VentureBeat: Your talk cleared up some questions that I had about the Wolfram language. It doesn't sound like a language like Python or Java, where you can create anything you want.

Stephen Wolfram: You can create anything you want. You're just starting from a much higher threshold, a higher level of abstraction.

Let's start with a language we both know, which is human natural language. That's a very rich thing. It has a certain amount of knowledge built into it.

Computer languages, when they originated in the 1950s and so on, they had to be a lot simpler. The original idea of the early computer languages was to put a wrapper around the intrinsic operations of the machine. Basically, what [computer] languages are specialized in is doing better and better what one might unfairly call bureaucracy management. In other words, you're building bigger and bigger programs. The programs are all pretty low level, but you're managing. You get into millions of lines of code and things like that.

Even back in the 1950s and so on, people had ideas about making higher level languages that were more abstract than what the machines were doing. Lisp was an example. APL was another partial example. It just didn't work very well at that time.

The thing that happens now is, not only do we get to have a big layer of abstraction between the machine and what we're writing code with, but we get to do another really interesting thing. We get to put all these algorithms and all this knowledge into the language, a little bit like what happened with human natural language.

We also get to leverage what comes from human natural language interfacing with our language.

What is a language? A language is a means for expressing things. We have an extremely big check mark on that score.

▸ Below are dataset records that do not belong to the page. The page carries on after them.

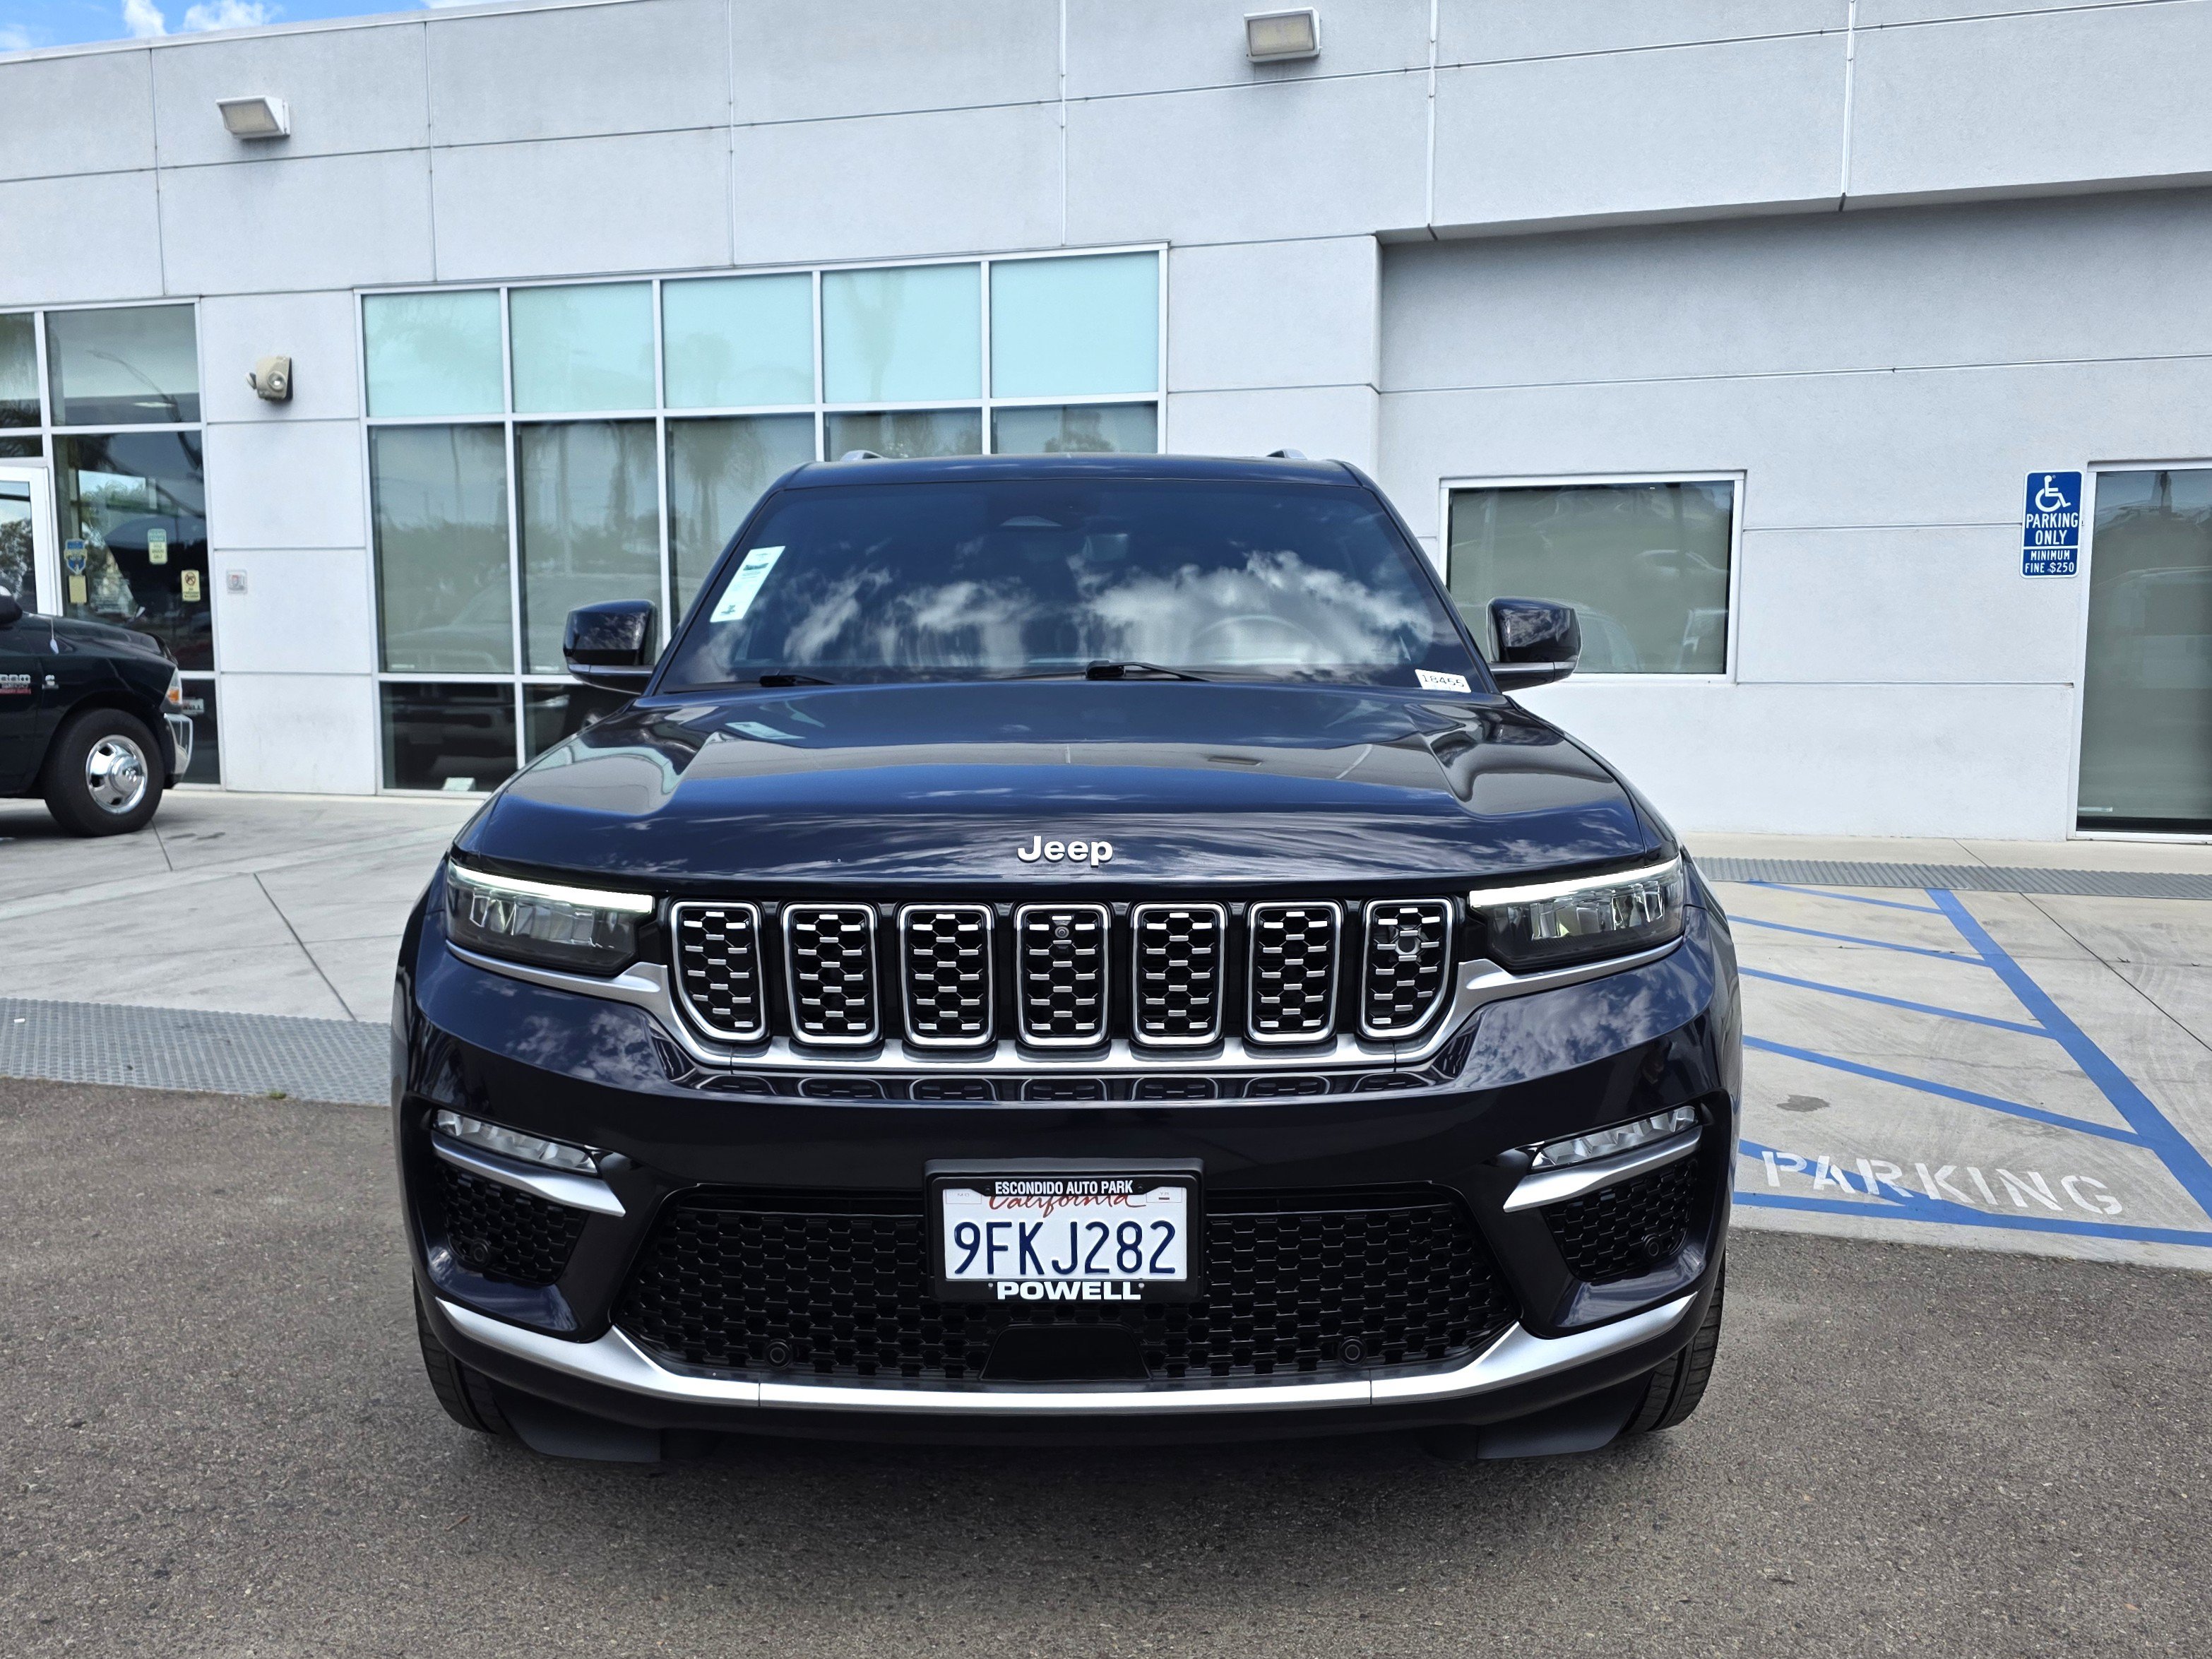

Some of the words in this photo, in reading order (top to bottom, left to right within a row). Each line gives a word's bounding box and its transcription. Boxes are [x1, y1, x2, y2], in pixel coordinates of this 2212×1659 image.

[2026, 513, 2079, 528] PARKING
[2035, 530, 2067, 545] ONLY
[2030, 550, 2070, 561] MINIMUM
[2025, 563, 2045, 573] FINE
[2050, 562, 2074, 573] $250
[1422, 674, 1464, 687] 18455
[1017, 836, 1113, 868] Jeep
[994, 1182, 1063, 1195] ESCONDIDO
[1066, 1181, 1098, 1195] AUTO
[1101, 1180, 1134, 1194] PARK
[1761, 1150, 2123, 1215] PARKING
[954, 1220, 1176, 1276] 9FKJ282
[997, 1280, 1141, 1301] POWELL

If you say, "Can you write a 'for' loop in Wolfram language?" Sure, you can write a 'for' loop. It's a stupid thing to do, but you can do it. People who already know C, Java, or something like that, there's a certain tendency to write the 'for' loops in the [Wolfram] language. You can do that, but it's the wrong thing to do. There's a certain amount of unlearning that ends up being necessary.

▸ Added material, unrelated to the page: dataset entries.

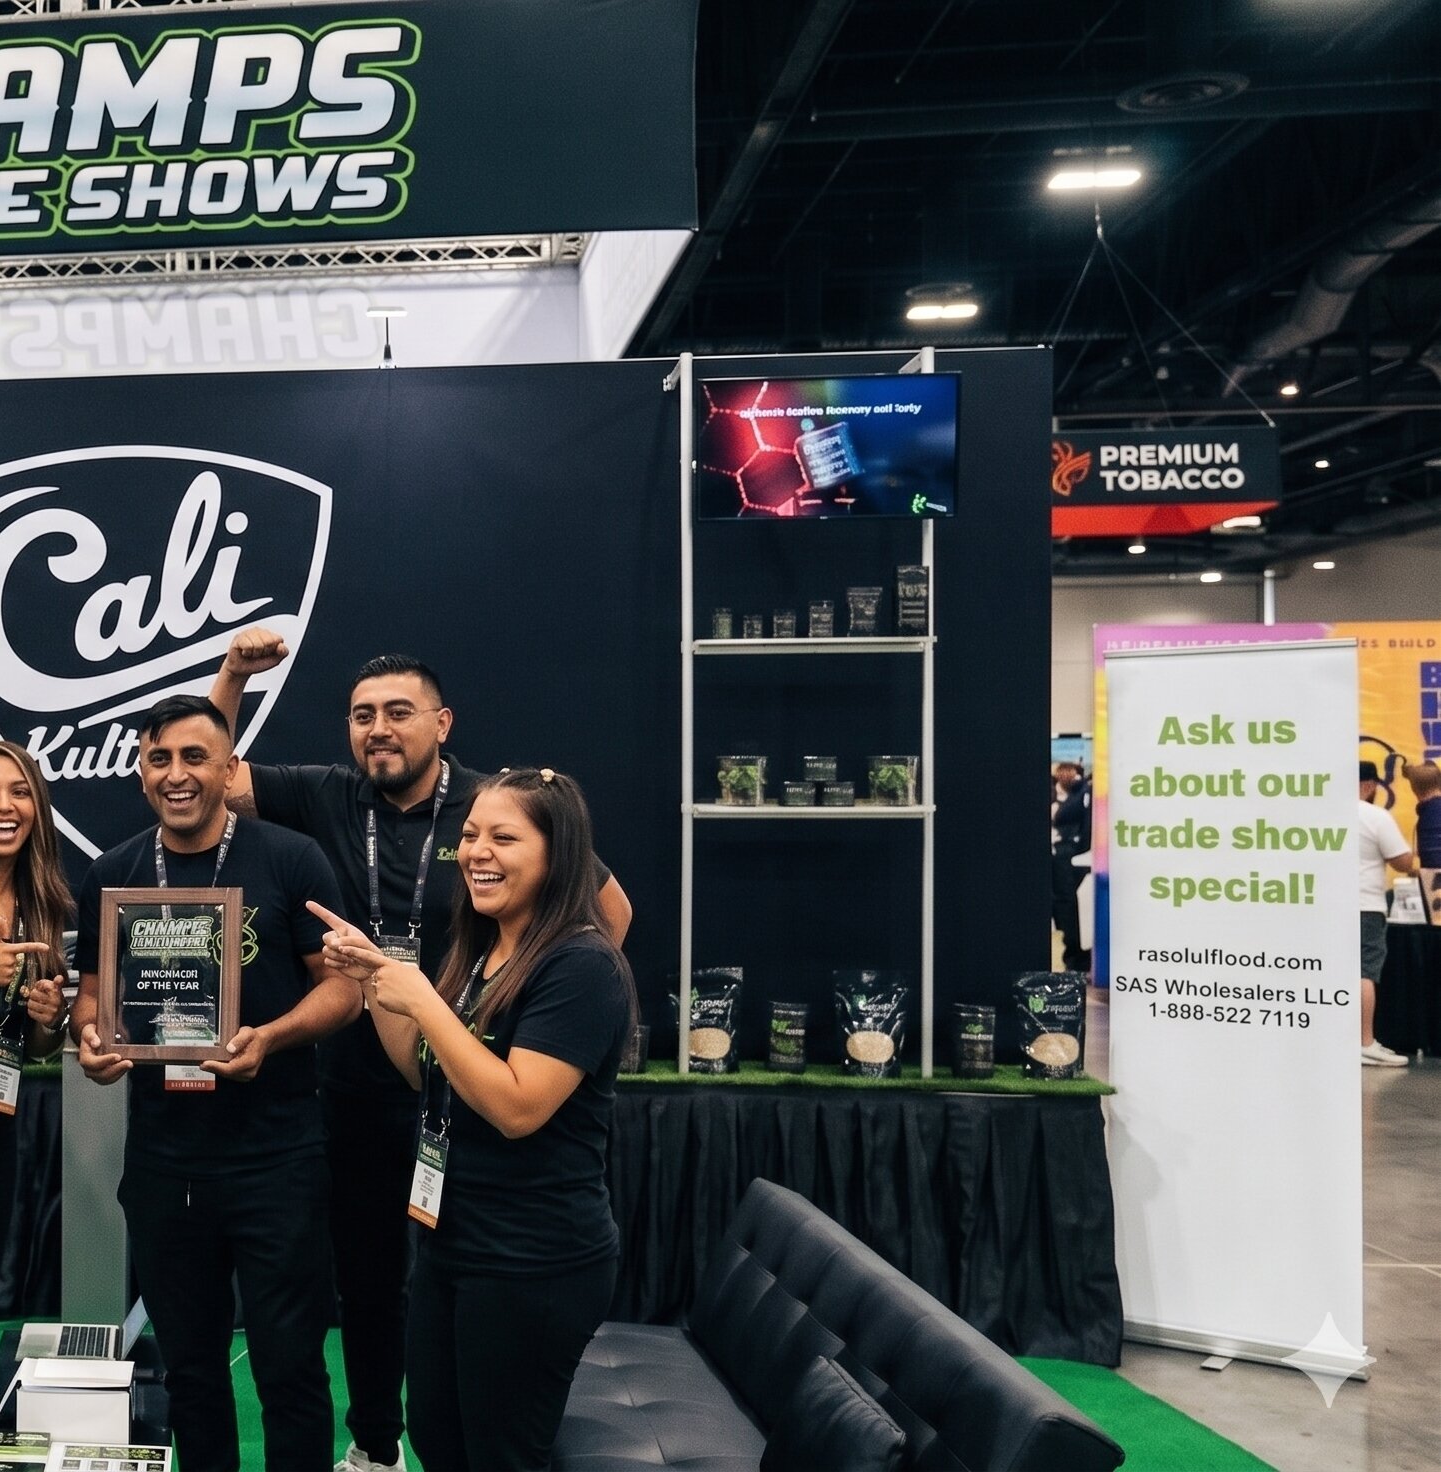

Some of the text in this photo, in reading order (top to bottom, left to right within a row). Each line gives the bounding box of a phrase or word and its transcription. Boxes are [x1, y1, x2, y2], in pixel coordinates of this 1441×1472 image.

[65, 151, 400, 223] SHOWS
[1100, 443, 1239, 467] PREMIUM
[1099, 467, 1245, 492] TOBACCO
[1157, 714, 1297, 747] Ask us
[26, 723, 142, 783] Kult
[1129, 766, 1332, 799] about our
[1114, 818, 1348, 852] trade show
[1150, 872, 1316, 908] special!
[1138, 947, 1323, 972] rasolulflood.com
[136, 981, 200, 990] OF THE YEAR
[1115, 975, 1350, 1007] SAS Wholesalers LLC
[1148, 1002, 1311, 1029] 1-888-522 7119

In that sense, it will be a disappointing moment in technology history if our definition of a language was a thing that had 'for' loops and had to involve this very low-level, procedural way of approaching creating functionality.

Ultimately, what we want to do with language is we want to express ourselves and get the things we want to do done. My theory of that is the more we can have that done automatically by a system, the better for us.

VentureBeat: But the Wolfram language has an API so you can deploy procedures to the cloud. You can address those procedures and interact with them. You can embed them in Java programs and Python and so forth.

Wolfram: One of the objectives is we're dealing with curating the world. Curating the world involves knowing all the chemicals that exist and things like that. It also involves knowing all the programming languages that exist and being able to interface with those things, and knowing all the connected devices that exist and being able to interface with those kinds of things as well. It's really using the same meta methodology but applied to all these different areas.

One of the consequences of that, one of the practical consequences, is yes, we are an extremely embeddable technology, so to speak.

Wearable devices and data

VentureBeat: You have this curated list of all the wearable devices that are collecting data. Presumably, this will let you interface with those devices at some point, correct?

Wolfram: Yeah. It's a messy layer. There are a zillion companies that are in this.

[Their problem now is,] "We're going to go from a device to 'how do you make contact with the cloud?'" I hope they all win, because then we won't have to build that layer. [laughter]

We've built a certain part of that layer, but, honestly, it's not the thing we're most interested in. What we're most interested in is, after the things make contact with the cloud, what happens then? The device makes web contact. Then what happens to the data?

A typical thing that happens is, once it can make Web contact, [the device] is sending something to the Web. It'll be going to some URL. In the query string of the URL, it can stick the data that it's generated.

Once it can do that, once it can talk to the web in some way, then our goal is to be able to take over from there and do interesting things with it. Get that data easily into our cloud.

We've got the cloud infrastructure. We've got this instant API mechanism, so it's easy to create APIs that these devices can talk to. More than that, we have this WDF system, this Wolfram Data Framework system, which is a way of [canonizing] all these different kinds of data that all these devices are producing.

If you're wearing six different kinds of health metrics and personal analytics tracking thingies, and they're measuring all kind of different things, we have a canonical format that all these things can map to that we can then do computations from. The question is, what do you do with it?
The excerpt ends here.